SWM had one class of shares on issue, being ordinary shares. On the Implementation Date, there were 1,539,140,502 SWM ordinary shares on issue.
No foreign resident (together with their associates, as defined in section 318 of the Income Tax Assessment Act 1936) held 10% or more of the shares in SWM at any time in the 24 months before the Implementation Date.
SCA is a company that was incorporated in Australia on 6 September 2005.
SCA was listed on the ASX on 17 November 2005.
SCA is the head company of an income tax consolidated group under Part 3-90.
SCA has one class of shares on issue, being ordinary shares.
On 30 September 2025, SCA and SWM executed a Scheme Implementation Deed that required SWM to seek their shareholders' agreement for SWM and its shareholders to enter into a scheme of arrangement under Part 5.1 of the Corporations Act 2001, pursuant to which SCA would acquire all of the ordinary shares in SWM in exchange for shares in SCA.
On 22 December 2025, a resolution in favour of the scheme of arrangement was passed by shareholders of SWM, as required by subparagraph 411(4)(a)(ii) of the Corporations Act 2001.
On 23 December 2025, the scheme of arrangement was approved by order of the Supreme Court of New South Wales under paragraph 411(4)(b) of the Corporations Act 2001.
The shares in SWM were suspended from trading on the ASX from the close of trading on 24 December 2025.
SCA acquired all of the issued ordinary shares in SWM on the Implementation Date.
On the Implementation Date, under the scheme of arrangement, Eligible Shareholders received the Scheme Consideration, being 0.1552 fully paid ordinary shares in SCA for each SWM share held on the Scheme Record Date.

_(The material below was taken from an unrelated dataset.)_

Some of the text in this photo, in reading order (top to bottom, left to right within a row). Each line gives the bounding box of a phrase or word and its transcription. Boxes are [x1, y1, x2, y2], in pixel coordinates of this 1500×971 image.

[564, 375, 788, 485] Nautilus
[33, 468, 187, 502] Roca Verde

SWM was removed from the official list of the ASX at the close of trading on 8 January 2026.
Paragraph 124-780(3)(f) is satisfied in respect of the disposal of SWM shares to SCA.
There was no SWM shareholder who was a 'significant stakeholder' or 'common stakeholder' for the scheme of arrangement within the meaning of those terms in section 124-783.

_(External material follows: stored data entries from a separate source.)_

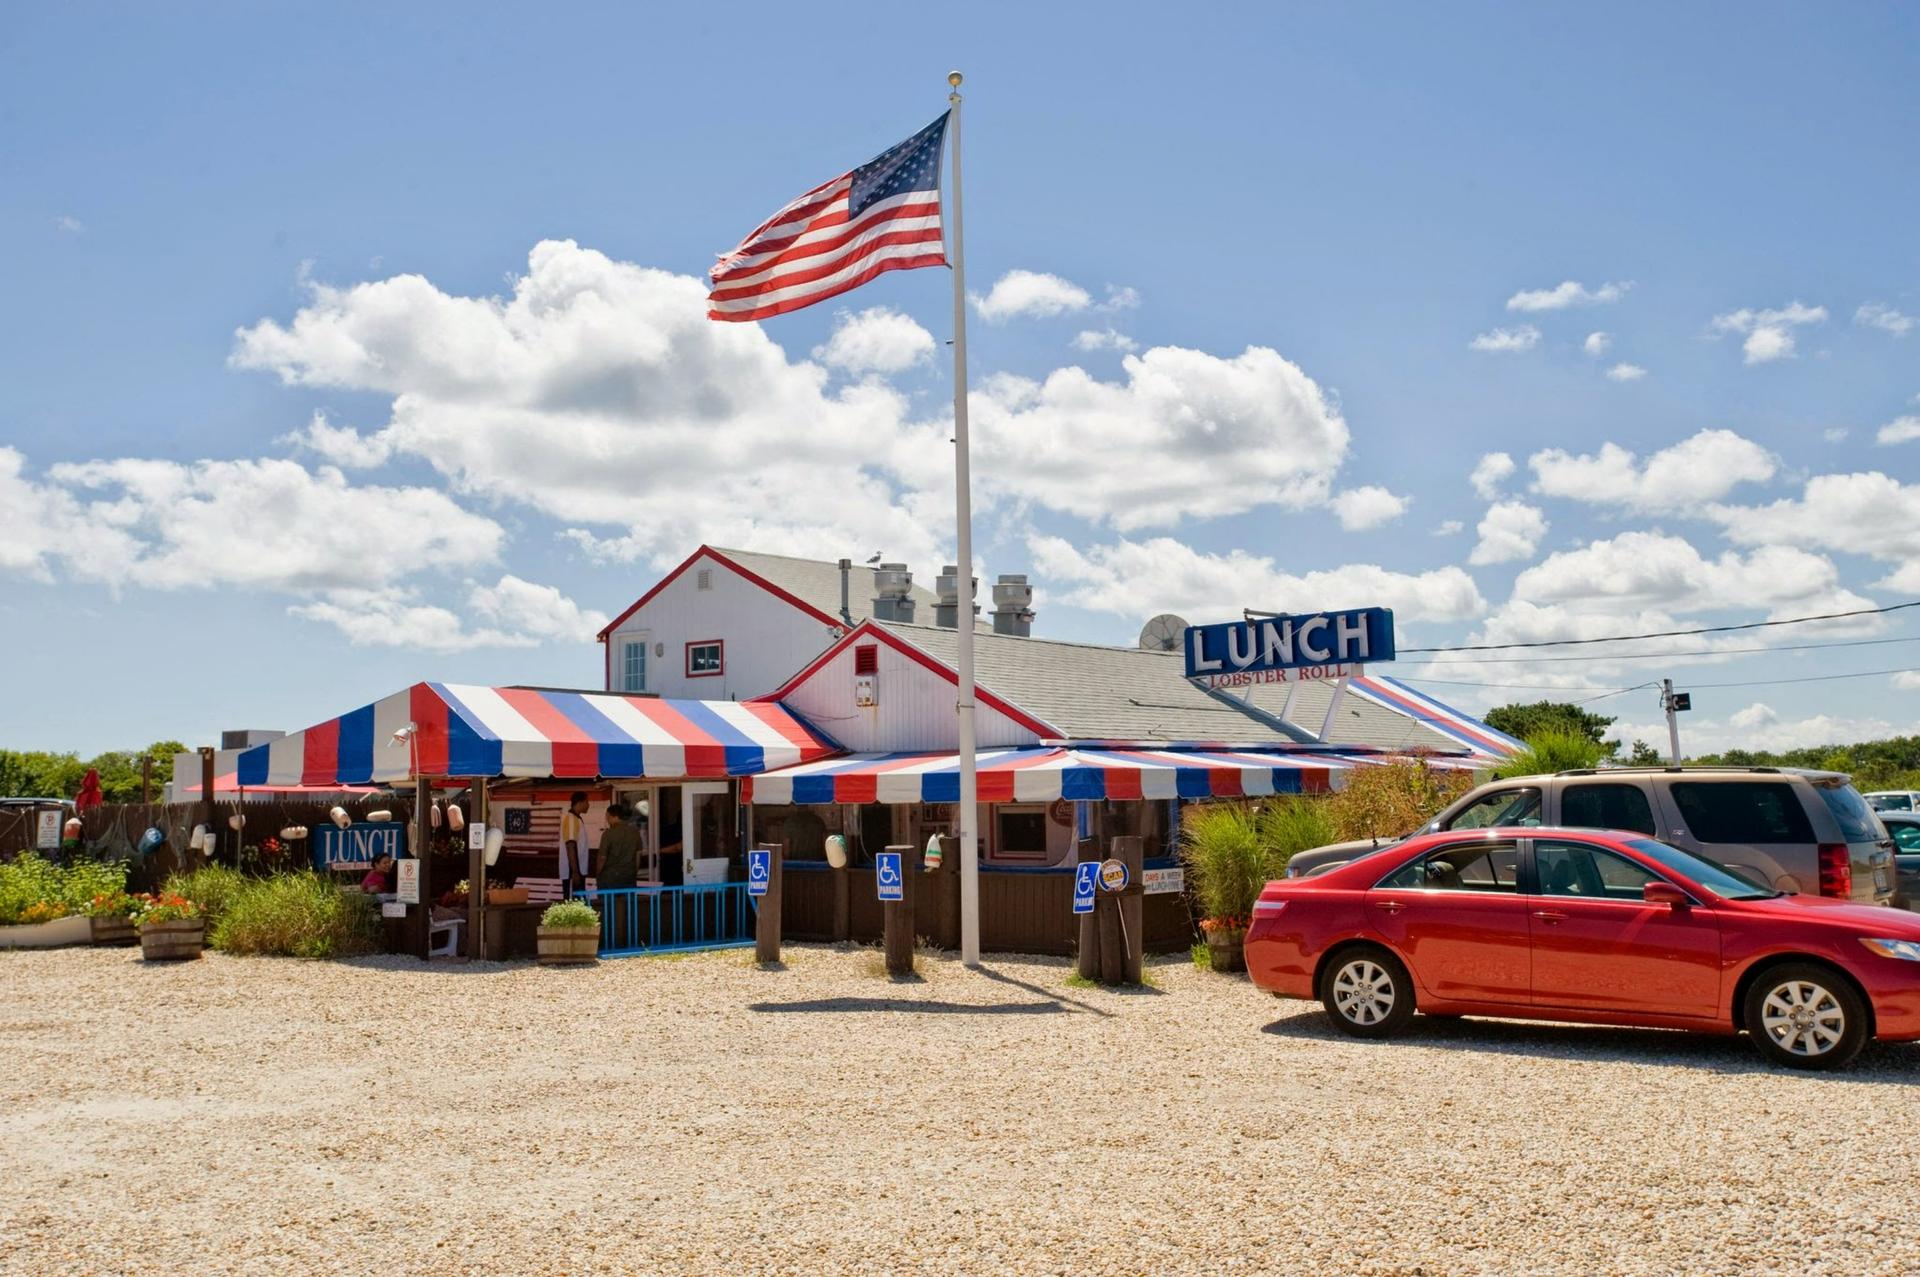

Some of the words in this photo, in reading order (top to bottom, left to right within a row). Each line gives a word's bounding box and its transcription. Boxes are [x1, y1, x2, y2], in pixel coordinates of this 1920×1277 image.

[1193, 612, 1369, 672] LUNCH
[1210, 669, 1287, 689] LOBSTER
[1299, 664, 1347, 680] ROLL
[325, 829, 399, 864] LUNCH
[879, 886, 901, 895] PARKING

Both SWM and SCA had more than 300 members just before 30 September 2025, when the Scheme Implementation Deed was executed.
Just before the Scheme Implementation Deed was executed, there was no linked group (within the meaning given by section 170-260) with a SWM shareholder, SWM and SCA as members.
SCA did not make a choice under subsection 124-795(4) that SWM shareholders could not obtain the roll-over in Subdivision 124-M for CGT event A1 happening in relation to the exchange of SWM shares.